* **WORK TASK**:
Leaving out the pictures, copy each record below exactly.

::: PROVIDED DATA

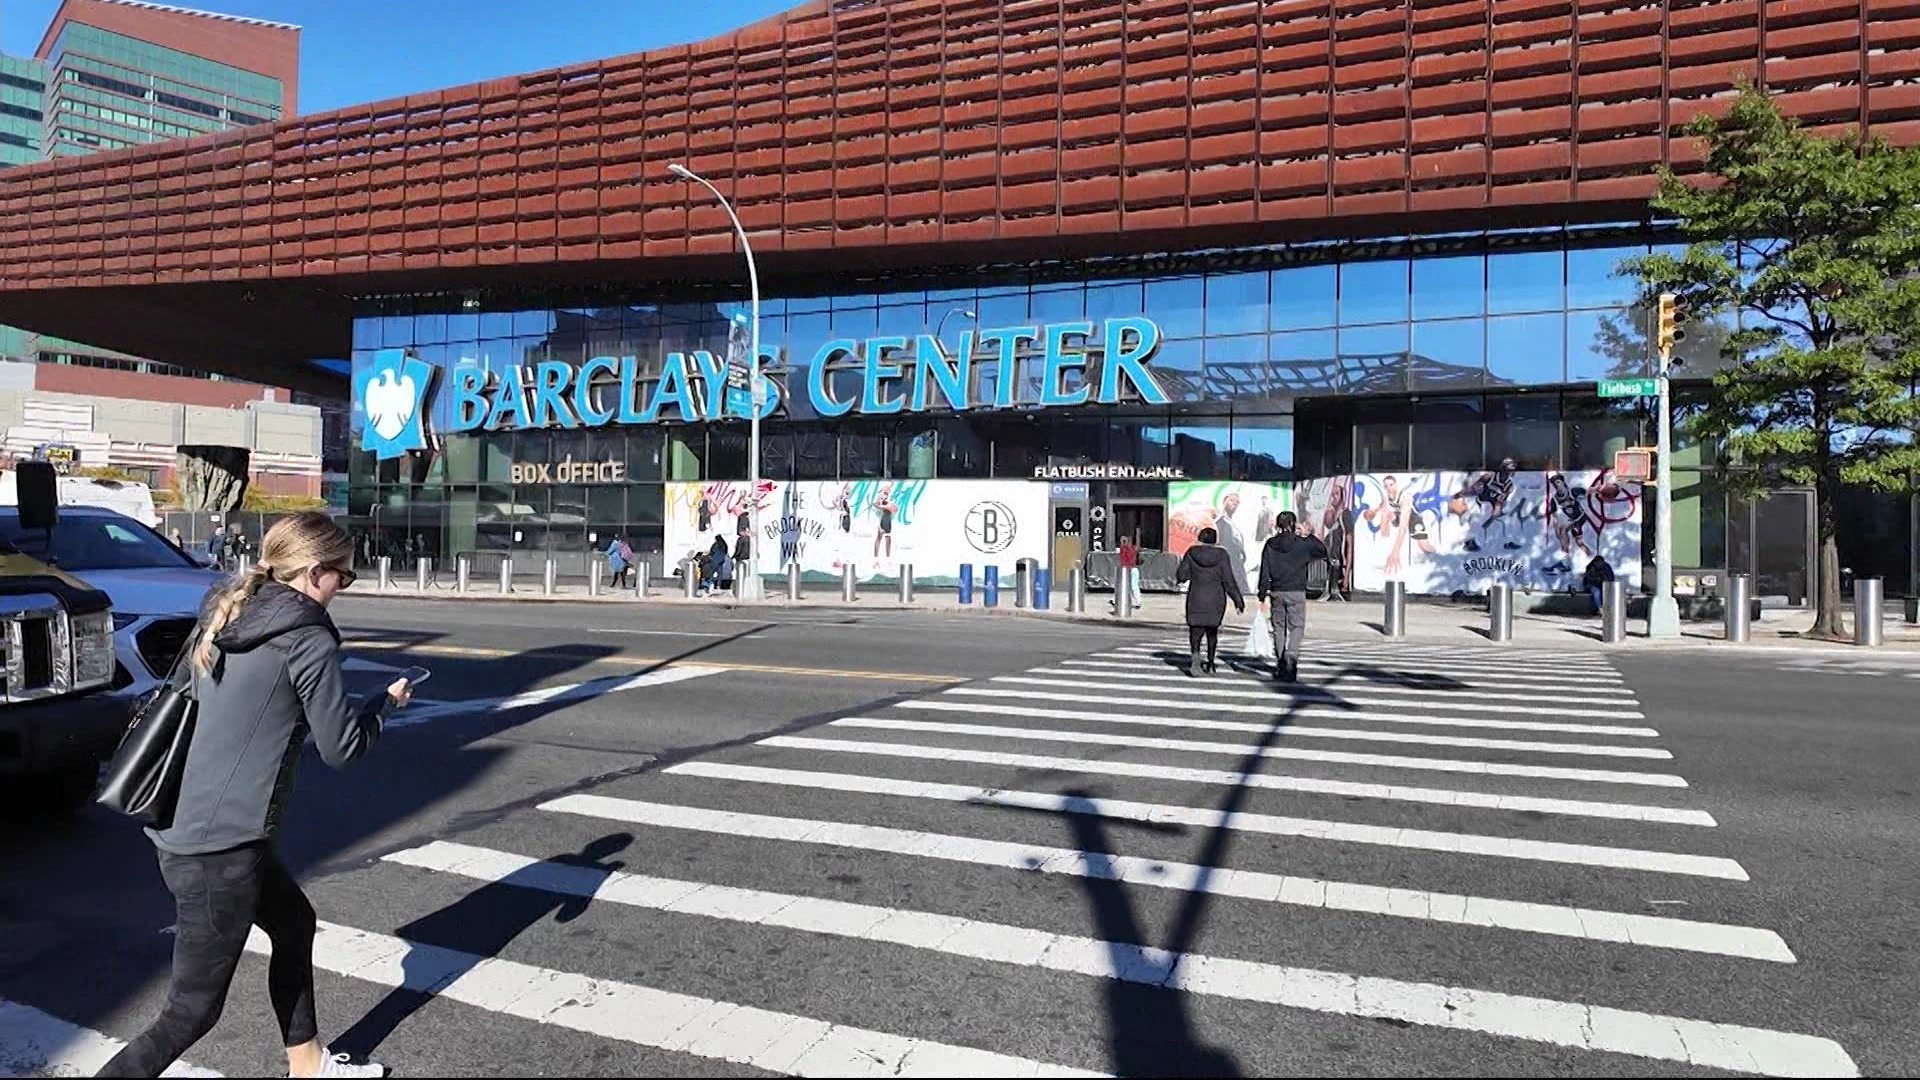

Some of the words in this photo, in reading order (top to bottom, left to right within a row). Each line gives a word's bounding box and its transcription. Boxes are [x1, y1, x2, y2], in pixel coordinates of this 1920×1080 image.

[808, 317, 1172, 417] CENTER
[1601, 381, 1642, 395] Flatbush
[511, 462, 551, 484] BOX
[556, 454, 625, 484] OFFICE
[1034, 466, 1105, 478] FLATBUSH
[1108, 466, 1184, 478] ENTRANCE
[784, 491, 805, 510] THE
[763, 515, 825, 540] BROOKLYN
[780, 541, 807, 560] WAY
[1463, 555, 1525, 576] BROOKLYN
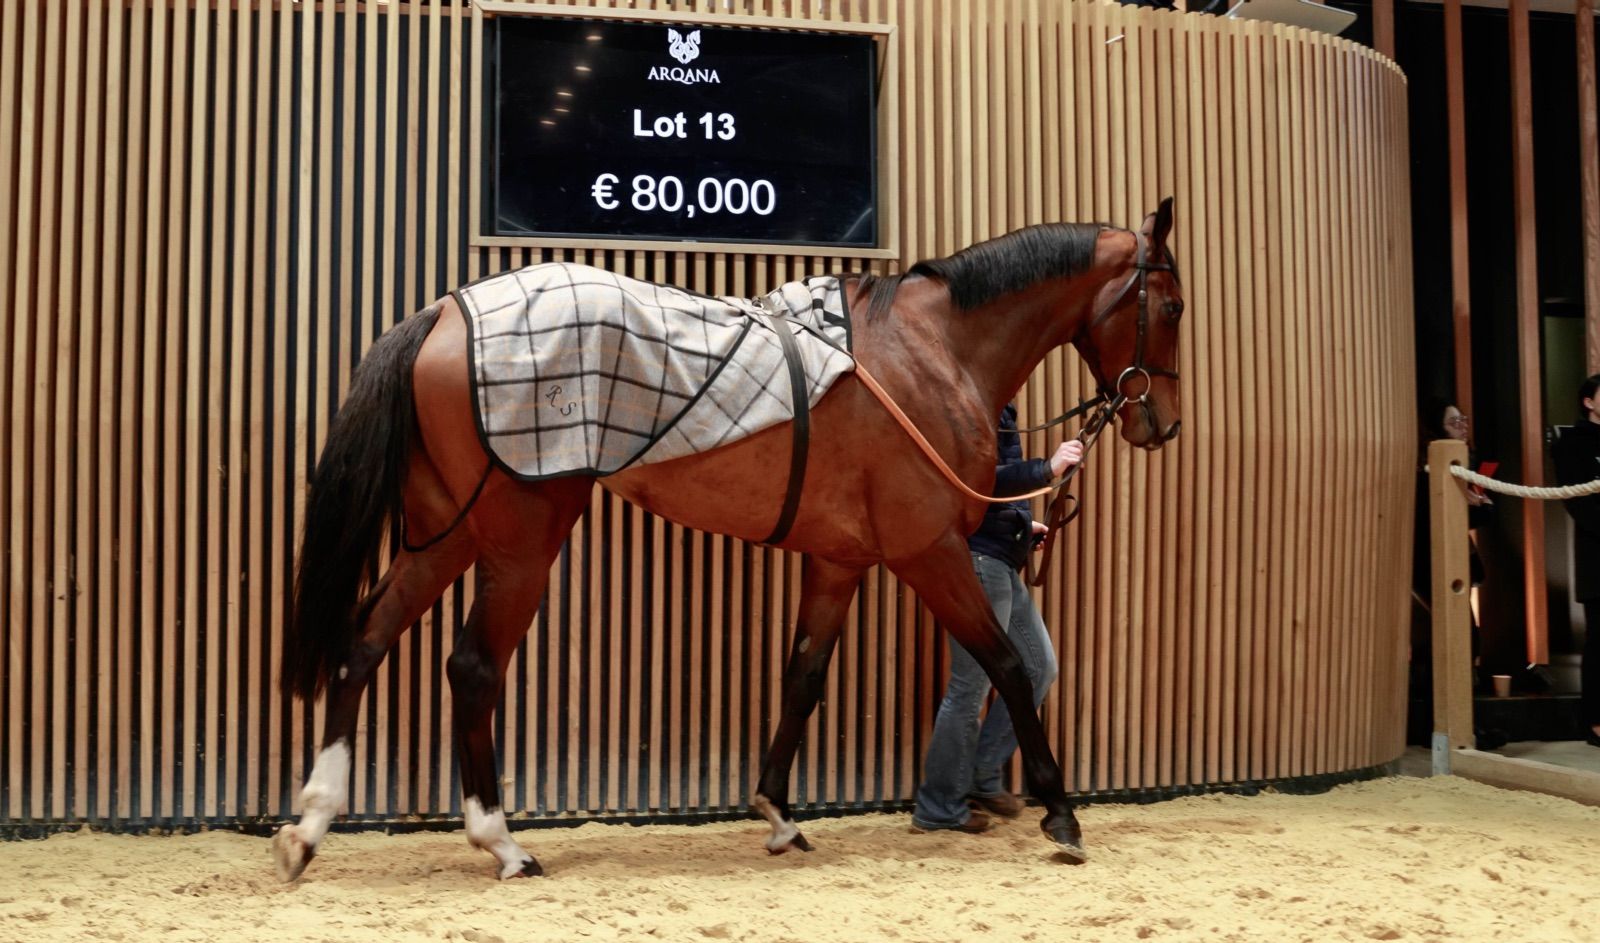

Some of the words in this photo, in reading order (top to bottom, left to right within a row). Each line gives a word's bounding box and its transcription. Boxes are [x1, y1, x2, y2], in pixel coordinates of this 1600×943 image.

[648, 66, 721, 85] ARQANA
[633, 108, 687, 139] Lot
[699, 111, 736, 141] 13
[591, 172, 620, 210] €
[631, 174, 776, 219] 80,000
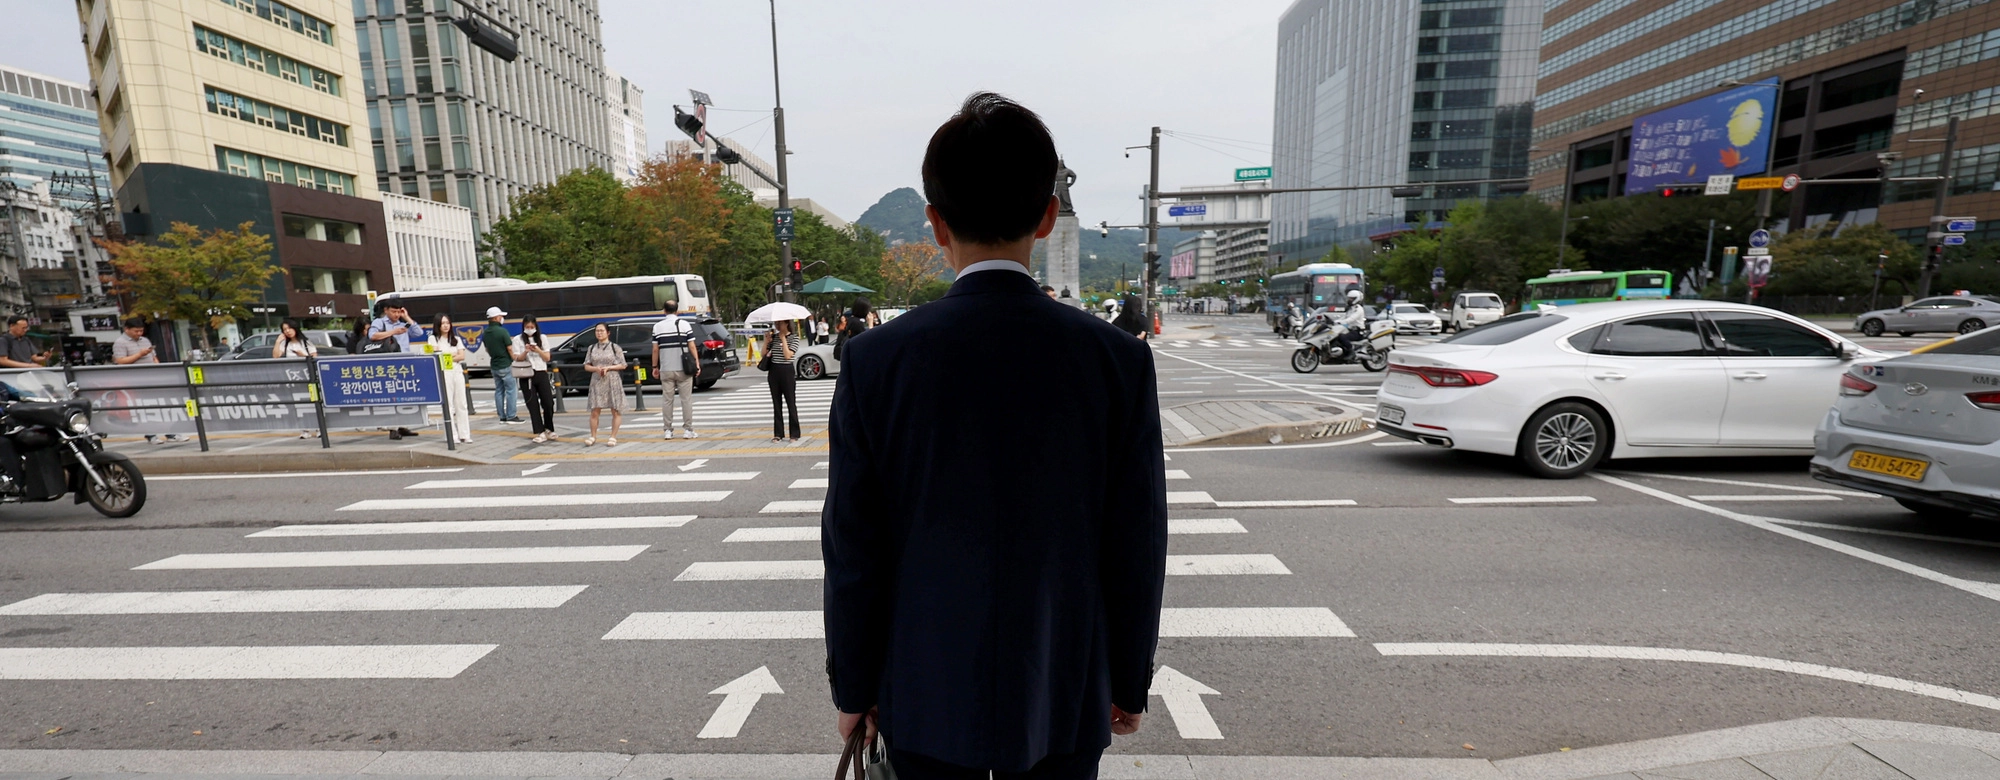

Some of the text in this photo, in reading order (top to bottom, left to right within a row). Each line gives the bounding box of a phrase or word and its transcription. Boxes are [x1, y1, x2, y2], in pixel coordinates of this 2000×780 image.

[340, 364, 415, 380] 보행신호준수!
[340, 379, 420, 395] 잠깐이면 됩니다.
[1887, 459, 1921, 477] 5472

::::::

* **YOUR RESPONSE**:
Some of the words in this photo, in reading order (top to bottom, left to right within a row). Each line gives a word's bounding box and its transcription. Boxes are [x1, y1, x2, y2], in pixel coordinates of this 1920×1080 image.

[808, 317, 1172, 417] CENTER
[1601, 381, 1642, 395] Flatbush
[511, 462, 551, 484] BOX
[556, 454, 625, 484] OFFICE
[1034, 466, 1105, 478] FLATBUSH
[1108, 466, 1184, 478] ENTRANCE
[784, 491, 805, 510] THE
[763, 515, 825, 540] BROOKLYN
[780, 541, 807, 560] WAY
[1463, 555, 1525, 576] BROOKLYN

Some of the words in this photo, in reading order (top to bottom, left to right within a row). Each line gives a word's bounding box and its transcription. Boxes are [x1, y1, x2, y2], in pixel coordinates of this 1600×943 image.

[648, 66, 721, 85] ARQANA
[633, 108, 687, 139] Lot
[699, 111, 736, 141] 13
[591, 172, 620, 210] €
[631, 174, 776, 219] 80,000

Some of the text in this photo, in reading order (top to bottom, left to right within a row). Each line gives the bounding box of a phrase or word and its transcription. Boxes are [x1, y1, x2, y2], in pixel coordinates of this 2000×780 image.

[340, 364, 415, 380] 보행신호준수!
[340, 379, 420, 395] 잠깐이면 됩니다.
[1887, 459, 1921, 477] 5472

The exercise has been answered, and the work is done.